Plaintiff alleges that the boundary line between his property on the North and that of the defendants on the South has never been determined judicially or extra-judicially.
The defendants filed an exception of no cause of action which exception of no cause of action was referred to the merits by the Trial Judge and after hearing the case on the merits, the Trial Judge ruled in favor of the defendants. Defendants contend that plaintiff having alleged that there has never been any previous fixing of the boundary, either judicially or extraju-dicially, and because some surveys were made previous to the survey made by the Surveyor appointed by the Court to fix the boundaries plaintiff’s suit must be dismissed. They allege that the proper action by plaintiff is an action to restore the old fixed lines or to set aside as incorrect prior surveys. We do not believe that the exception has merit.

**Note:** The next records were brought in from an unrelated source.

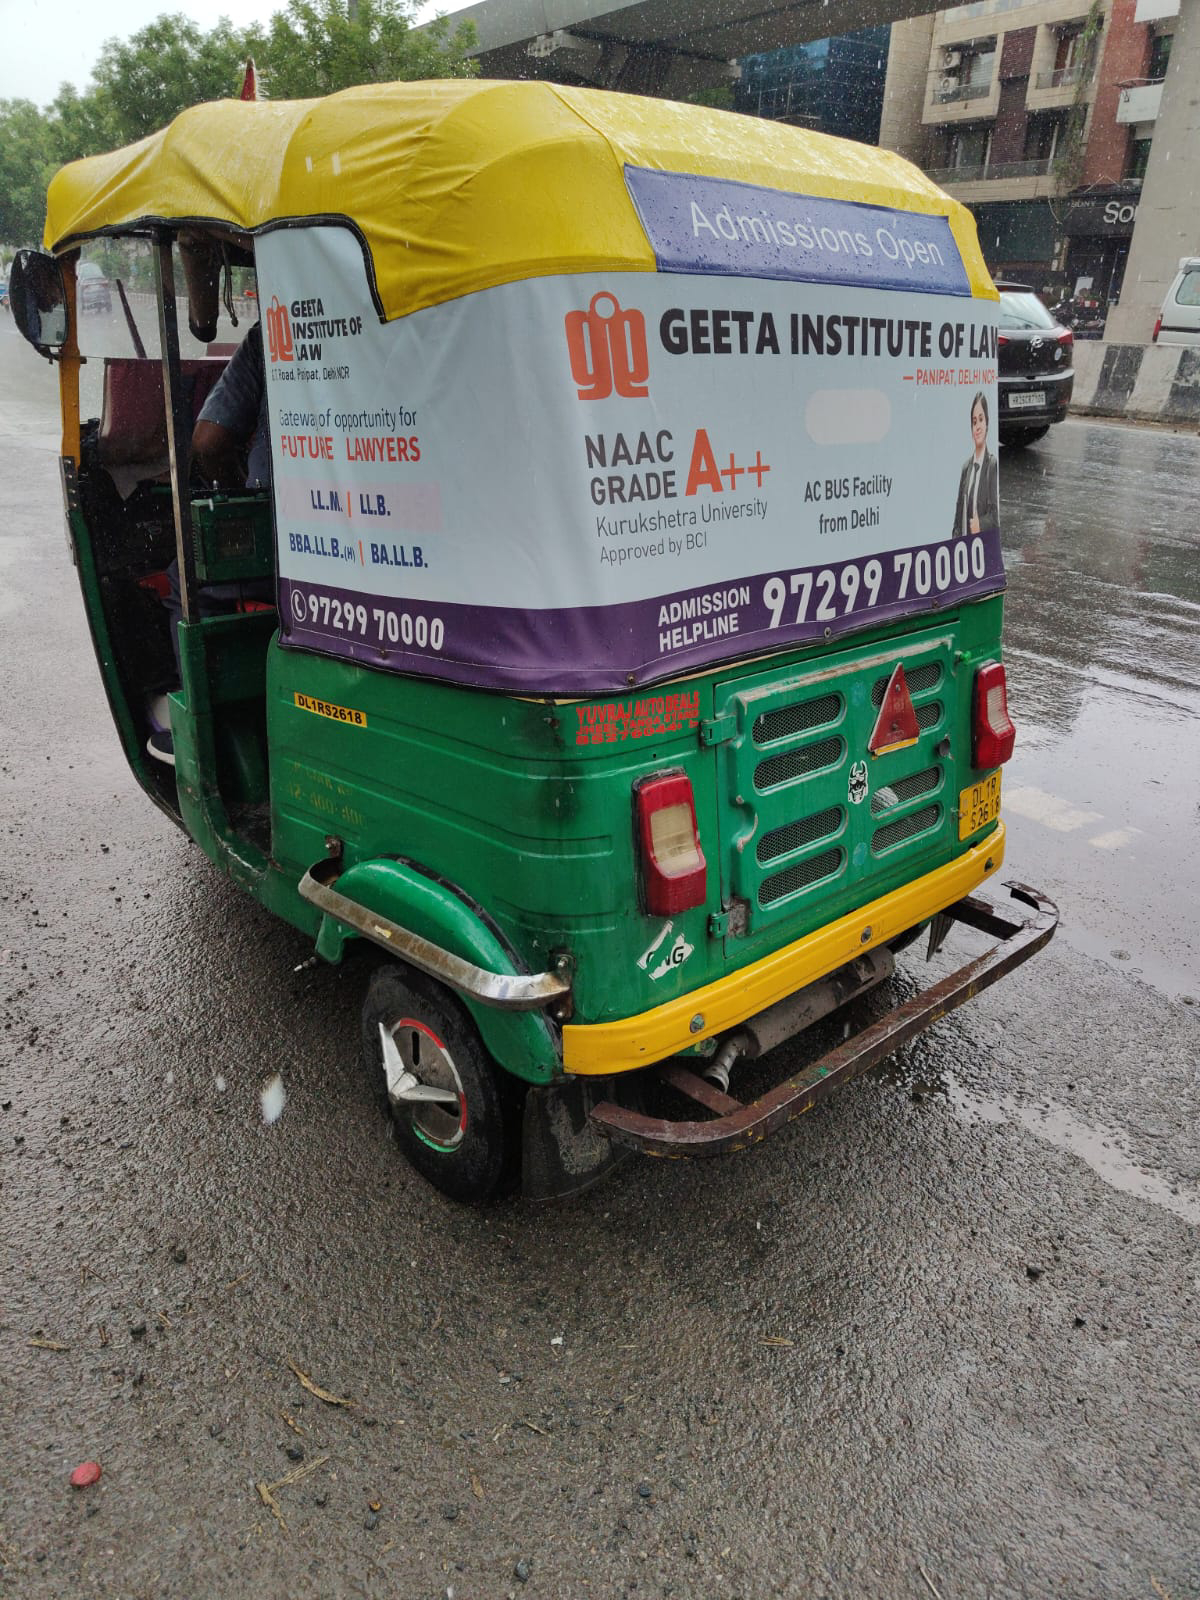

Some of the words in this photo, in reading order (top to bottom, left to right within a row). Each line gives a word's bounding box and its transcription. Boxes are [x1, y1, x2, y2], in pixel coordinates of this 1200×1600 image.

[1103, 201, 1138, 224] So
[690, 201, 872, 257] Admissions
[876, 228, 944, 268] Open
[291, 298, 324, 318] GEETA
[292, 319, 348, 340] INSTITUTE
[350, 316, 362, 335] OF
[659, 308, 780, 355] GEETA
[791, 314, 931, 357] INSTITUTE
[938, 322, 965, 359] OF
[295, 344, 322, 361] LAW
[916, 368, 956, 386] PANIPAT,
[958, 368, 980, 385] DELHI
[319, 408, 331, 427] of
[334, 410, 396, 432] opportunity
[399, 406, 417, 426] for
[281, 435, 334, 460] FUTURE
[346, 436, 421, 462] LAWYERS
[584, 429, 674, 468] NAAC
[685, 429, 770, 496] A++
[590, 470, 677, 505] GRADE
[804, 481, 821, 502] AC
[825, 477, 849, 499] BUS
[853, 474, 892, 498] Facility
[311, 490, 343, 512] LL.M.
[359, 493, 391, 516] LL.B.
[597, 506, 697, 537] Kurukshetra
[701, 497, 768, 523] University
[819, 512, 847, 534] from
[851, 506, 880, 529] Delhi
[371, 543, 428, 568] BA.LL.B.
[600, 540, 664, 566] Approved
[669, 536, 682, 557] by
[686, 532, 707, 549] BCI
[762, 559, 883, 629] 97299
[893, 536, 986, 599] 70000
[658, 586, 750, 627] ADMISSION
[308, 594, 367, 635] 97299
[373, 608, 444, 651] 70000
[659, 612, 739, 653] HELPLINE
[298, 695, 362, 724] DL1RS2618
[576, 702, 633, 725] YUVRAJ
[634, 698, 665, 716] AUTO

An action in boundary lies in three situations, namely: (1) where no boundary has ever been made, (2) where the boundary, although once made, has *857been completely Eradicated, and (3) where the boundaries have been fixed incorrectly. See Opdenwyer v. Brown, 155 La. 617, 99 So. 482; Article 823 LSA-Civil Code. The facts reveal that there is no natural or artificial marks which divide the properties of plaintiff and the defendants. While there was a fence at one particular time separating the properties of plaintiff and the defendants, it is no longer there, nor did it ever completely separate the properties of plaintiff and the defendants. Accordingly, under the jurisprudence laid down in Opdenwyer v. Brown, 155 La. 617, 99 So. 482, supra, and in Article 823 of our LSA-Civil Code, plaintiff does have a cause of action for the fixing of the boundaries between his property and the property of the defendants, and, accordingly, the exception filed by the defendants which are again being urged on appeal are overruled and not well founded. Furthermore, after reading the record, we do not believe that there was actually any fixing of the boundary between the respective estates as contended by the defendants, and for that further reason the exception filed by the defendants is not well founded.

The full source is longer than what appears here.